オンラインカウンセリングのカナムーンです。

10月20日に中部弁護士会連合会定期弁護士大会シンポジウムが開催されました。基調講演者の泉房穂元明石市長やパネルディスカッションに登壇する朝日町事件のご遺族を、シンポジウム実行委員会に橋渡ししたご縁で、私も参加することになりました。

シンポジウムのテーマは、「犯罪被害者による損害賠償請求の実効性確保~債務名義の取得、債務名義に基づく回収に向けて~」という、何だか難しいテーマでした。チラシにはこのような説明がありました。「犯罪被害者の損害賠償請求について、加害者側から任意の履行を受けられない場合、民事訴訟等の法的手続を行う必要がありますが、回収可能性の低さなどを理由として諦めるケースも多いのが実情です。また、債務名義を得ても、犯罪被害者が現実の損害賠償を受けられない事案は多いといえます」

例えば、朝日町事件について言えば、刑事裁判終了後の民事裁判での損害賠償請求額は約7,767万円でした。加害者は刑に服していましたので、未だに一銭も支払われていません。損害賠償請求については10年の時効がありますので、支払われていない場合、被害者が再提訴を行わなければ時効を迎えてしまいます。この再提訴費用は被害者負担になります。

朝日町事件のような重大犯罪の場合の損害賠償の回収率は、約1~2%程度です。だいたい重大犯罪の服役年数は平均で12~3年ですので、加害者が服役中に時効を迎えるという理不尽な状態になっています。被害者は回収できないのであれば意味がないということで、再提訴をあきらめる場合が多いのです。こうなると制度として機能していないことが、皆さんにもご理解いただけると思います。

このような理不尽さをどうにかできないかということで、このシンポジウムが開かれ、泉元明石市長が基調講演をされたのです。

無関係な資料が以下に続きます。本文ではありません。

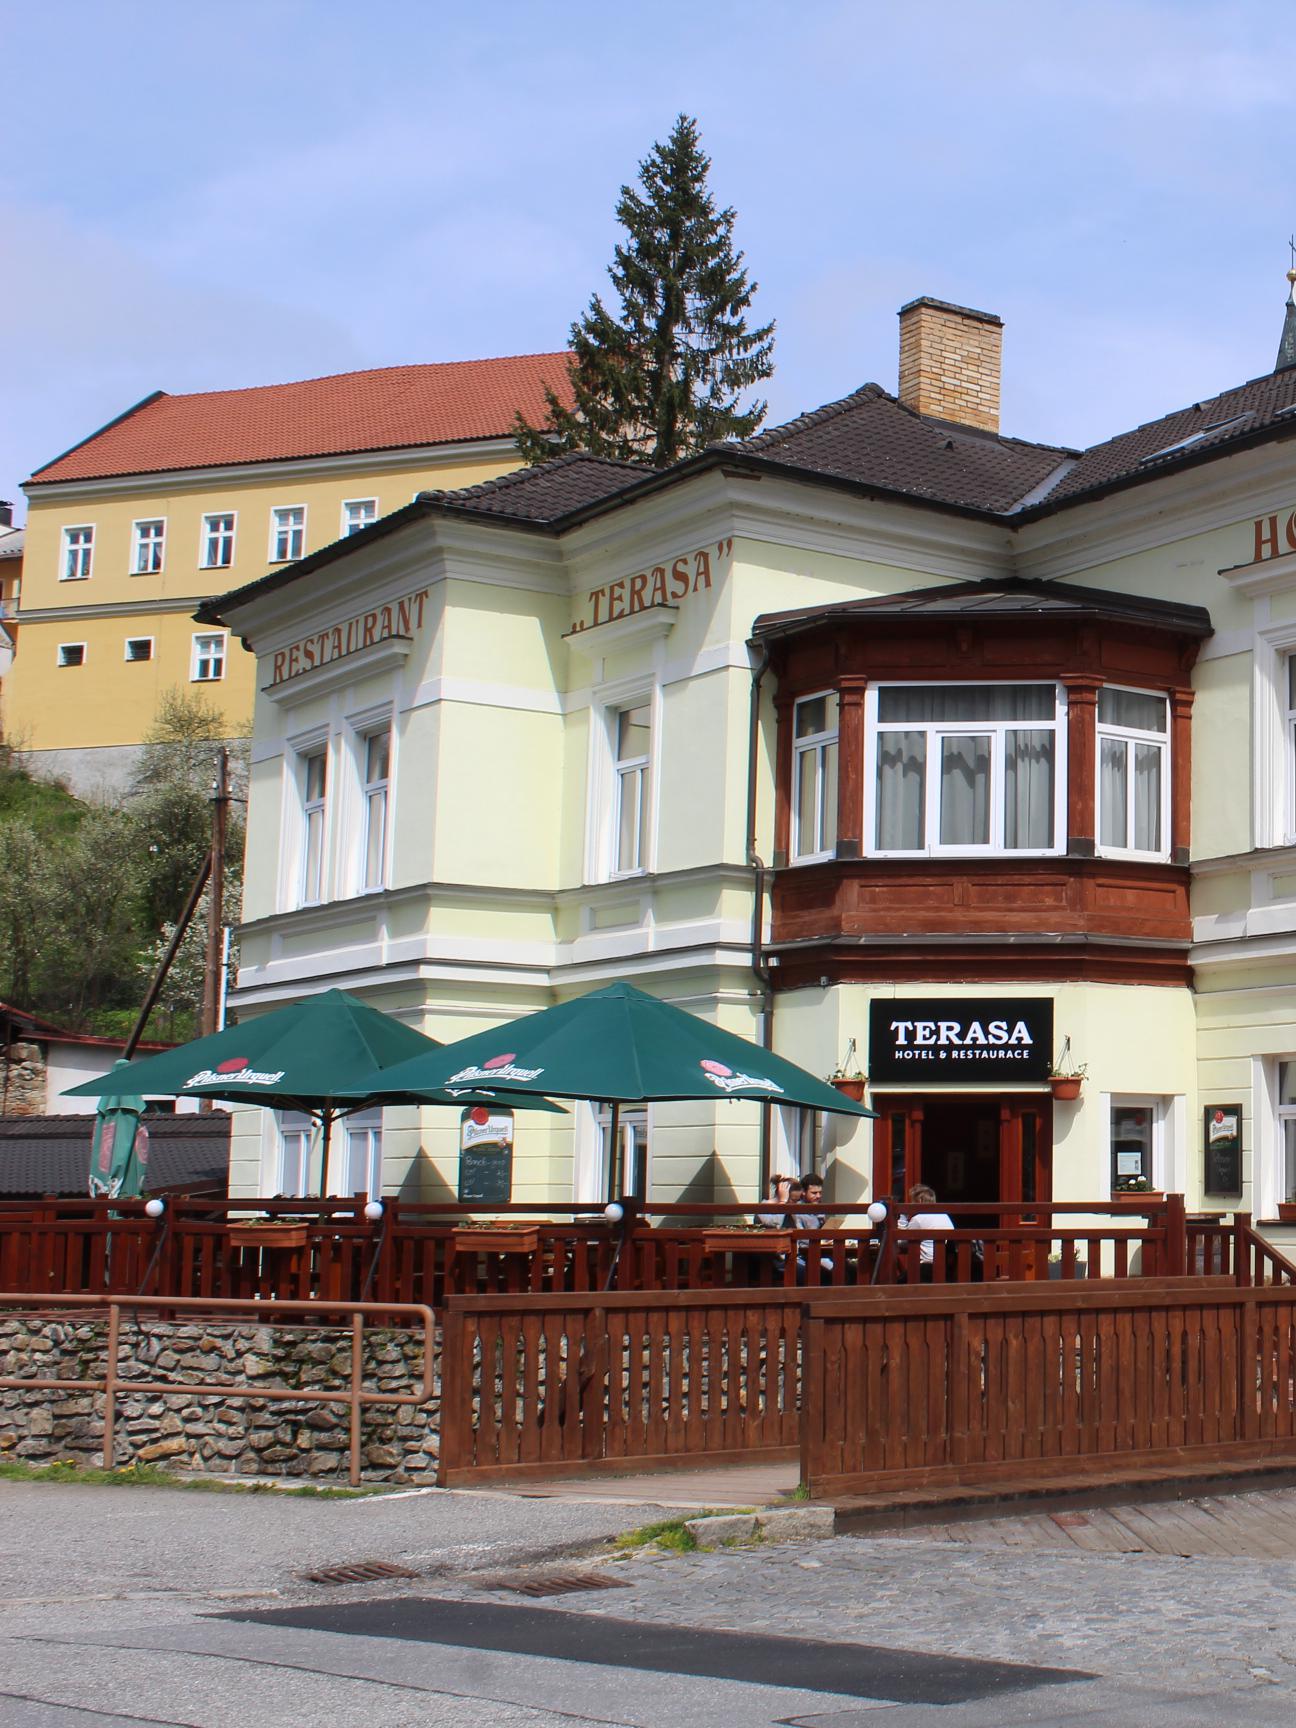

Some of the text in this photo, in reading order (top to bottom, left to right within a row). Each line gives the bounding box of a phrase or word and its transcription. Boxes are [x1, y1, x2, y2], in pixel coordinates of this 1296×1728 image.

[273, 589, 429, 686] RESTAURANT
[890, 1021, 1033, 1045] TERASA
[895, 1050, 1030, 1059] HOTEL & RESTAURACE

明石市は犯罪被害者支援に特化した条例が平成23年に制定され、経済的支援においては、支援金、特例給付金、貸付金、真相究明についての支援、刑事裁判手続に参加する場合の旅費の補助、再提訴等の際に裁判所に対し支払う費用の補助、財産開示手続及び情報取得手続費用の補助、そして、損害賠償の立替支援金(上限300万円)などをすでに実施しています。

この泉元明石市長の講演は、いつもとても熱くて圧倒されることが多いのですが、今回の基調講演でもその熱量は素晴らしいものでした。ことに対象が弁護士だったので、「弁護士は人助けや社会正義のために働くのであって、金儲けのために働くのではない。被害者支援をすることは社会の責務であり、弁護士の使命であり、被害者が救済されることは当然の権利である。それを行わない弁護士は“どうかしている”」と何度も何度も繰り返し訴えていました。聞いている弁護士さんたちは、叱られていると感じているのではないかと心配になったほどです。

泉元明石市長の“どうかしている”という言葉が耳に残ったまま、関係者とランチをしました。そのときに出てきたパンケーキを見て“どうかしている”と思いました(写真)。10月20日は私にとって“どうかしている”日だったような気がしています(笑)。